Ele disse alguma coisa antes de sair, eu juro. Aquela mulher ouviu, ela riu, ela o conheceu, ela zombou de sua ira dizendo alguma coisa sobre impossibilidade quântica! Essa gente da Universidade, às vezes, traz para a rua suas discussões de coisas que não se entende. Eu sei, seira estúpido esperar que um dono de bar retivesse palavras que estão além da compreensão até mesmo deste engenheiro. Não se ofenda: eu não entenderia nada de sua conversa com os cozinheiros, que de cozinha eu só me lembro de fritar ovo e fazer café. Cada um na sua, a vida segura e saudável deveria ser assim: eu na minha mesa, você me vendendo um pingado com pão e manteiga, a moça da universidade zombando de um pedinte que usava moletom cinzento.
Mas agora tudo está borrado, a moça foi embora sem sair, tenho fome como se nunca tivesse comido nenhum pão, você me olha com essa expressão de enfado e eu tenho vergonha de pedir ao gordo professor, com óculos pesados de sabedoria, que me ceda pelo menos esse pastel barato para matar a minha fome, ou não posso voltar para casa, trôpego que estou, para rever Patrícia e reconectar as pontas soltas desta segunda feira que de repente redemoinhou em torno de mim e me fez cair.

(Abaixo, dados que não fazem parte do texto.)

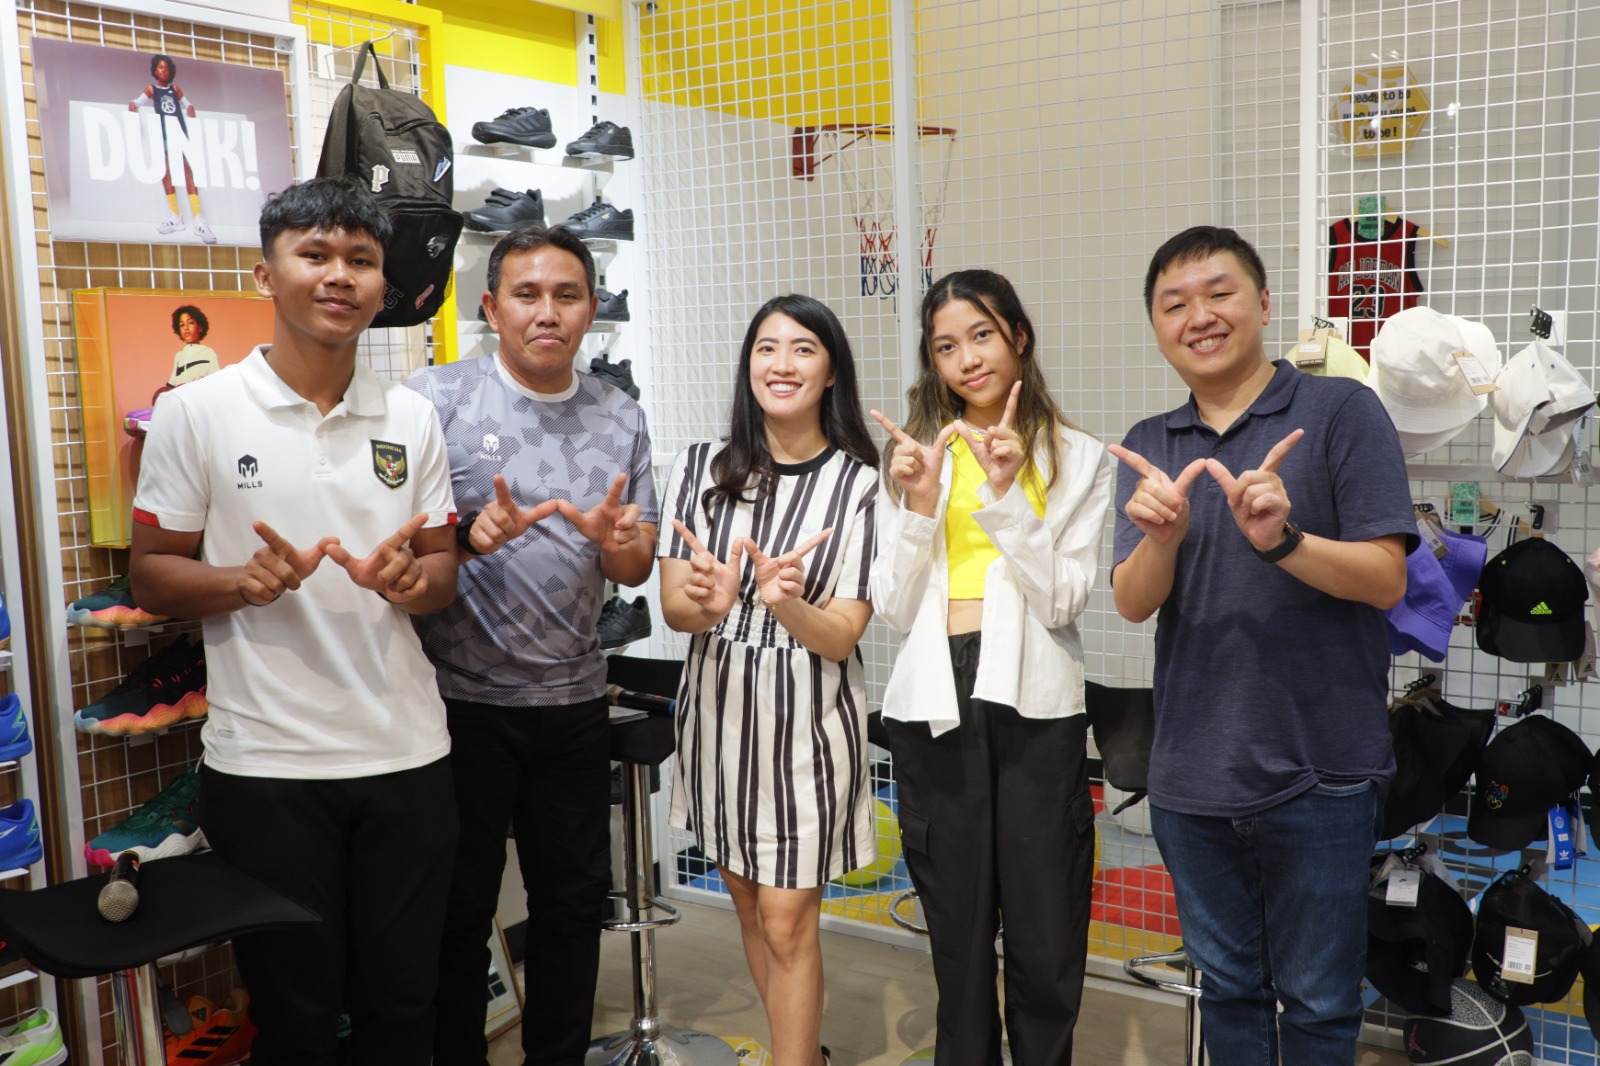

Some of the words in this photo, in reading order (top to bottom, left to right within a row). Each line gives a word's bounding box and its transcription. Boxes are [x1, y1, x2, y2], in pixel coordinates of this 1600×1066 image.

— Não lhe pagarei nada, amigo! Volta para casa!
De repente um frio sai da neblina e penetra em mim. Começo a esquecer coisas, lembrar de outras. A frase que o pedinte dissera: será possível mesmo viajar no tempo? Não me expulse ainda, Juca, eu preciso perguntar a esse imbecil se ele falava em sério! Preciso saber se esse pesadelo aconteceu, se alguém me espera…

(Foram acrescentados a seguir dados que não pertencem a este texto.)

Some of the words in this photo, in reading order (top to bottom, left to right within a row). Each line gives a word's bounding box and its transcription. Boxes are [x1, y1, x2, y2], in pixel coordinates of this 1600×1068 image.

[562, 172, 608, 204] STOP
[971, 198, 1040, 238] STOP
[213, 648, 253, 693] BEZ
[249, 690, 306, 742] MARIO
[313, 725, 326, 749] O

Sozinho e humilhado, na calçada, vejo passarem sombras cada vez mais vagas de rostos que foram meus colegas de trabalho. O homem gordo paga sua conta e atravessa a rua em sua vida roubada. Antes de entrar pelo portão sul da Universidade ele me olha com uma expressão maligna e dá dois tapas em uma maleta de couro preto, mas a essa altura eu não entendo mais o que isto significa, só sei que preciso pegar um ônibus de volta ao subúrbio, e esperar sem esperança que eu ainda tenha o meu emprego.